In the absence of clear data showing a link between certain conditions and Covid-19 risk, many states did not give people with disabilities high priority. Some advocates have criticized policymakers for doing too little to vaccinate younger disabled people.

Watkins says that vaccine prioritization could have done more to account for the experience of disabled parents—especially those navigating multi-generational homes.
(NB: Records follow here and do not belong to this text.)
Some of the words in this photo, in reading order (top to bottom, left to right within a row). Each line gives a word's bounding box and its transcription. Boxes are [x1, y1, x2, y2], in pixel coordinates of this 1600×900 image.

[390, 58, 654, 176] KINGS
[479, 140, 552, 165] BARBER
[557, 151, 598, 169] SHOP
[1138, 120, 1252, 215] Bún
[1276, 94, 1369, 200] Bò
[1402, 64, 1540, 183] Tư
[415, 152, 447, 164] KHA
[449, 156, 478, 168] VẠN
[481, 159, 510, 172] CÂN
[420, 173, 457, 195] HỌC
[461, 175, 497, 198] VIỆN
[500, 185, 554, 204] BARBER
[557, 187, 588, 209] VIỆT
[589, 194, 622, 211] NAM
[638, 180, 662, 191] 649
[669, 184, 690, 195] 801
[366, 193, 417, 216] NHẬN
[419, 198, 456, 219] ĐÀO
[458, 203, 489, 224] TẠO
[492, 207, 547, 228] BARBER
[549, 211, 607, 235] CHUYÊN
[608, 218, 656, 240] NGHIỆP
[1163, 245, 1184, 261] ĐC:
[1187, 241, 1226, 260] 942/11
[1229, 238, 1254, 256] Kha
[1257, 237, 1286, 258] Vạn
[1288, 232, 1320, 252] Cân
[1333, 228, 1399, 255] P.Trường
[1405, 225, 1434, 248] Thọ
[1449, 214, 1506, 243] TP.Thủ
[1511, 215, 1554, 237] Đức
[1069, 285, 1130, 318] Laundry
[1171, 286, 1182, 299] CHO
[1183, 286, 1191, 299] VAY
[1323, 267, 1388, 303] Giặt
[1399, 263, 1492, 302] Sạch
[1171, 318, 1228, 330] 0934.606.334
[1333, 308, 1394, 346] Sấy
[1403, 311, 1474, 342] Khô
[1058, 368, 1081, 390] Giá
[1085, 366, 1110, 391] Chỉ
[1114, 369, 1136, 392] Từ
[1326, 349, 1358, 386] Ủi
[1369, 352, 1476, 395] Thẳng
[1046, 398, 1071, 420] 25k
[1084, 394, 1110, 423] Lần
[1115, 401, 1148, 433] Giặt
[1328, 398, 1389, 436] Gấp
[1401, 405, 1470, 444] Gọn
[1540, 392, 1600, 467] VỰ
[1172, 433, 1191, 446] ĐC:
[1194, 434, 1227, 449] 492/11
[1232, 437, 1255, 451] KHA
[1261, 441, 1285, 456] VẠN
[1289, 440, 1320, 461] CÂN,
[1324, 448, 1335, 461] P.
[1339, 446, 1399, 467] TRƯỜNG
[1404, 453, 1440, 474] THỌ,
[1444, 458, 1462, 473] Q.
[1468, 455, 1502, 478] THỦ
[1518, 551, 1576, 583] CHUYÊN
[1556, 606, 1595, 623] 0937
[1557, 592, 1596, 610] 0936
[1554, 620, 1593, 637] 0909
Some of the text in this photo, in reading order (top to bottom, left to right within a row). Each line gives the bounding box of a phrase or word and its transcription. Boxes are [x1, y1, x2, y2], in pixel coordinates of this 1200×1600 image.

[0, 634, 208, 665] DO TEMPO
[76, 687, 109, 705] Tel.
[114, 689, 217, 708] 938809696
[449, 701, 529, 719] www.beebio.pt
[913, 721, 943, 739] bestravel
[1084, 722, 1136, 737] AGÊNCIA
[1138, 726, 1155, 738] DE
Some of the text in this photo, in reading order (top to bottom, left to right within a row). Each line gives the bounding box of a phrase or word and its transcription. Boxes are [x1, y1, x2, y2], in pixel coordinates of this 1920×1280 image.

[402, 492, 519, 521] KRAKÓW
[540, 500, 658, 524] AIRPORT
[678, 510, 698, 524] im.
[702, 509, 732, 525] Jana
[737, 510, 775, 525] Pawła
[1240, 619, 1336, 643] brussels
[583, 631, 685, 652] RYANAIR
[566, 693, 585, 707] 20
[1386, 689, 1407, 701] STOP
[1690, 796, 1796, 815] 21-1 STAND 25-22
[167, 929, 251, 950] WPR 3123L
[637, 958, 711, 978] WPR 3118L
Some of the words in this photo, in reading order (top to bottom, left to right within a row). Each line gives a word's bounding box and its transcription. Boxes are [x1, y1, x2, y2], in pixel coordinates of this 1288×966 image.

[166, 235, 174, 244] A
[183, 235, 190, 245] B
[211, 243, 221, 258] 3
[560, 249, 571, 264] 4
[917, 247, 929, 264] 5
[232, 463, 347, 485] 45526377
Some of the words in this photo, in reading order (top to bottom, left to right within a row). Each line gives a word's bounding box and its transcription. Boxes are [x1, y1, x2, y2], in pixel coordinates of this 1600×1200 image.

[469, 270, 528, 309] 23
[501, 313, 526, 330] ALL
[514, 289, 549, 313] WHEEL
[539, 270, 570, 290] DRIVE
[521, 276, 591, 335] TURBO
“Conversation always needs to include disabled parents who are sort of sandwiched in between taking care of their children and elderly relatives, or parents who typically live in the home,” she says. The impact this has on families can be exhausting, in particular for communities of color who often take care of each other in multigenerational households, she says. “You’re juggling all these balls, and you end up thinking, ‘How am I going to get the help that I need without falling apart?’ There’s not enough hours in the day, or enough hands.”

Still, more than a year into lockdowns, some parents are finding hope in vaccinations and lower COVID-19 rates. In upstate New York, Wylie and his wife were able to get vaccinated, and his daughter moved back into their house on March 1. He couldn’t be happier. “The whole feel of the house is different,” he says. “And that’s an amazing feeling.”